Another area where the camera can be helpful is shopping — especially when what you’re looking for is hard to describe in words. With Lens, you can already search for a product by taking a photo or screenshot. Now, we’re making it even easier to discover new products as you browse online on your phone. When you tap and hold an image on the Google app or Chrome on Android, Lens will find the exact or similar items, and suggest ways to style it. This feature is coming soon to the Google app on iOS.

Lens uses Style Engine technology which combines the world’s largest database of products with millions of style images.

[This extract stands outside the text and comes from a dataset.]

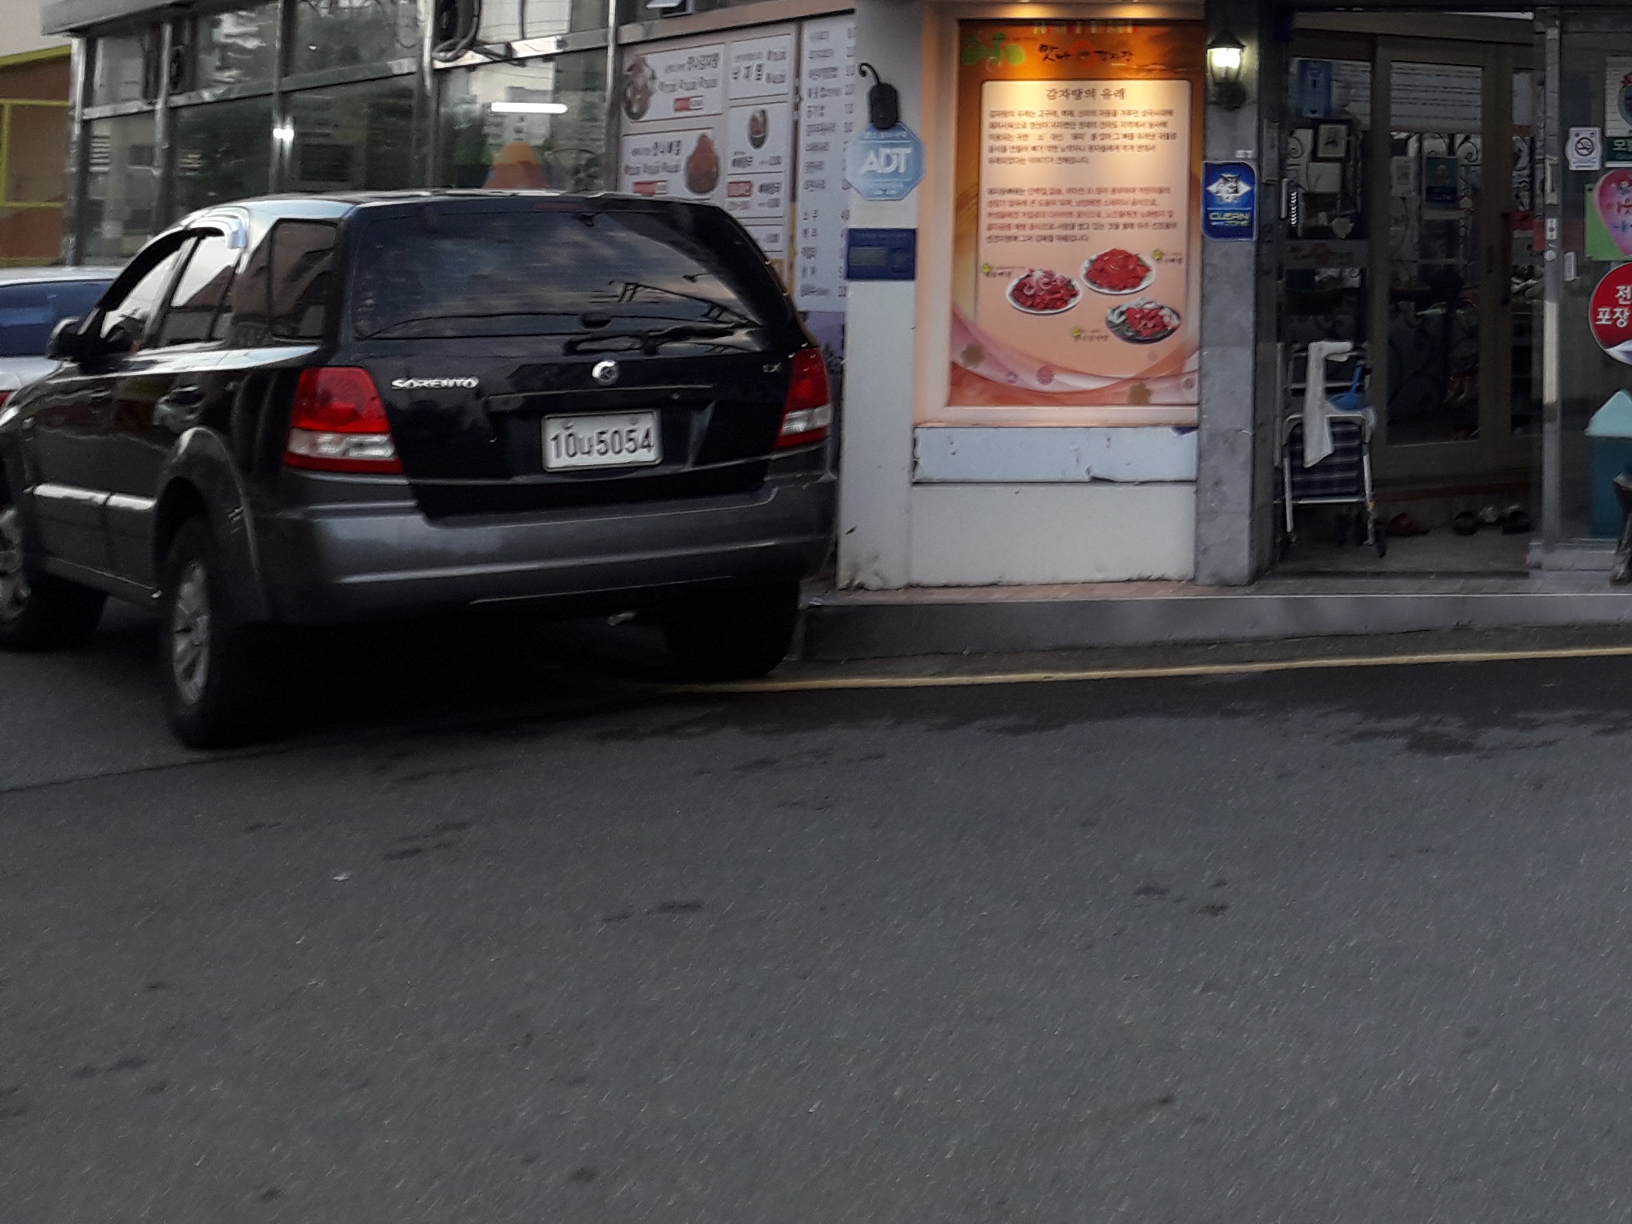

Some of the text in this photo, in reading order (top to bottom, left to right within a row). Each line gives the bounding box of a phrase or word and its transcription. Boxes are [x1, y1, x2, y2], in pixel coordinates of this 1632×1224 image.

Then, it pattern matches to understand concepts like “ruffle sleeves” or “vintage denim” and how they pair with different apparel.

Bring the showroom to live with AR

AR experience of the 2020 Volvo XC40 Recharge

When you can’t go into stores to check out a product up close, AR can bring the showroom to you. If you’re in the market for a new car, for example, you’ll soon be able to search for it on Google and see an AR model right in front of you. You can easily check out what the car looks like in different colors, zoom in to see intricate details like buttons on the dashboard, view it against beautiful backdrops and even see it in your driveway. We’re experimenting with this feature in the U.S. and working with top auto brands, such as Volvo and Porsche, to bring these experiences to you soon.

🔗Don’t forget to check these amazing links:

Lastly don’t forget to try these amazing features provided by Google using Artificial Intelligence and Machine Learning.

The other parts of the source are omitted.